During the classroom sessions, we covered how in other parts of the world, such as Brazil, women vetiver harvesters wear long-sleeved shirts and protective gloves and even snake guards on their shins. Photos of my time in Brazil with these women helped to illustrate how easy it would be to protect themselves. I promised on my next visit to come with gloves and long-sleeve shirts.
Quality raw materials for essential oils, organic practices, and workplace wellbeing are some of my deepest passions. I truly believe that as these practices spread, our world will be a healthier, happier place.
I was very humbled to be of service to the wonderful people I met in Nepal. The hard work and dedication of the students impressed me—many had travelled very long distances to attend the training.
I also learned a lot about the culture and history of Nepal through conversations with my students, interpreters, travel companions, and locals. Even though this was my second visit to Nepal, coming as a Winrock volunteer rather than as an independent traveler gave me the opportunity to talk to people I would never have met in other circumstances. Winrock staff and FEWUN members were wonderful at sharing their knowledge and their support and kindness during the trip was most appreciated.
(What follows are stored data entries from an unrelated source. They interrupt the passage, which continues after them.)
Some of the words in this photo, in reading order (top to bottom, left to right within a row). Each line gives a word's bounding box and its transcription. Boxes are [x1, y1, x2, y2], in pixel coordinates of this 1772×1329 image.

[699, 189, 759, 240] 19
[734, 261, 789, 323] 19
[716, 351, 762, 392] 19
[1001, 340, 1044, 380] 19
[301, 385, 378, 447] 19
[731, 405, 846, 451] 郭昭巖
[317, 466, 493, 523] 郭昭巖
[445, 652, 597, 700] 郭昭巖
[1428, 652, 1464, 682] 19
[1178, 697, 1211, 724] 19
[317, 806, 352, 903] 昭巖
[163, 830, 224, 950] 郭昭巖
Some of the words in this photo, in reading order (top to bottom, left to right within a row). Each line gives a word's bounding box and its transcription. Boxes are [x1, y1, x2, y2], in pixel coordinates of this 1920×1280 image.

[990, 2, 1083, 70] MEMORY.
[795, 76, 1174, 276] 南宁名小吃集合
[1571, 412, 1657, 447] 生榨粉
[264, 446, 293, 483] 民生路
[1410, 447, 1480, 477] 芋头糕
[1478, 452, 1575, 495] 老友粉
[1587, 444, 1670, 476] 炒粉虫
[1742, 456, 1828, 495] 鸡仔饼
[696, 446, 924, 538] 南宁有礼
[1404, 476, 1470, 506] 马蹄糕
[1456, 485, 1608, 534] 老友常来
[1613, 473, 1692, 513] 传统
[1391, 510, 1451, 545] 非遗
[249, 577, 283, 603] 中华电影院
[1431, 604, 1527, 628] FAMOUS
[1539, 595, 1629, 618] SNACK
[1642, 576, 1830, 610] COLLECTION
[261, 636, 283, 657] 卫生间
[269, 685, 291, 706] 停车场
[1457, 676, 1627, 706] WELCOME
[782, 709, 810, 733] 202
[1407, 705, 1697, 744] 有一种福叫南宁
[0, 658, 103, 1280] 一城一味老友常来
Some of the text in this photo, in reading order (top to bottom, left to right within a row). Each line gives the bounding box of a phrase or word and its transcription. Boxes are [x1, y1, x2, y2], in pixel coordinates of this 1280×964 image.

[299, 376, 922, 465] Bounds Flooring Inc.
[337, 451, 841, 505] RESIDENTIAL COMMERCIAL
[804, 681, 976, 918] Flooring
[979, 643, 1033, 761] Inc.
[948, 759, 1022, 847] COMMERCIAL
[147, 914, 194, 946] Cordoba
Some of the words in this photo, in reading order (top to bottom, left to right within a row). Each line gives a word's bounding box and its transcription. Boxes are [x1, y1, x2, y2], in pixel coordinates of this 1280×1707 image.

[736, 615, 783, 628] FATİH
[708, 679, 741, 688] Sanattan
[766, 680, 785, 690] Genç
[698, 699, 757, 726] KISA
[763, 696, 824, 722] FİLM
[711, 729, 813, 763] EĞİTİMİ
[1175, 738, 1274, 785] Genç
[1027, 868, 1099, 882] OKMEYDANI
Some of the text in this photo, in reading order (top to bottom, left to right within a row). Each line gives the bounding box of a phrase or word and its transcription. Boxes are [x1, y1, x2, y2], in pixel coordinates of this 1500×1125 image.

Lastly, I was filled with love and compassion for the women and all the other farmers who reached out to me with such kindness and smiles and laughter. I feel as if I have made life-long friends and will endeavor to return either as a volunteer on a future project to continue to provide support and ongoing training or under my own capacity. Our goal is to continue to support these wonderful hardworking Nepalese farmers in every way we can.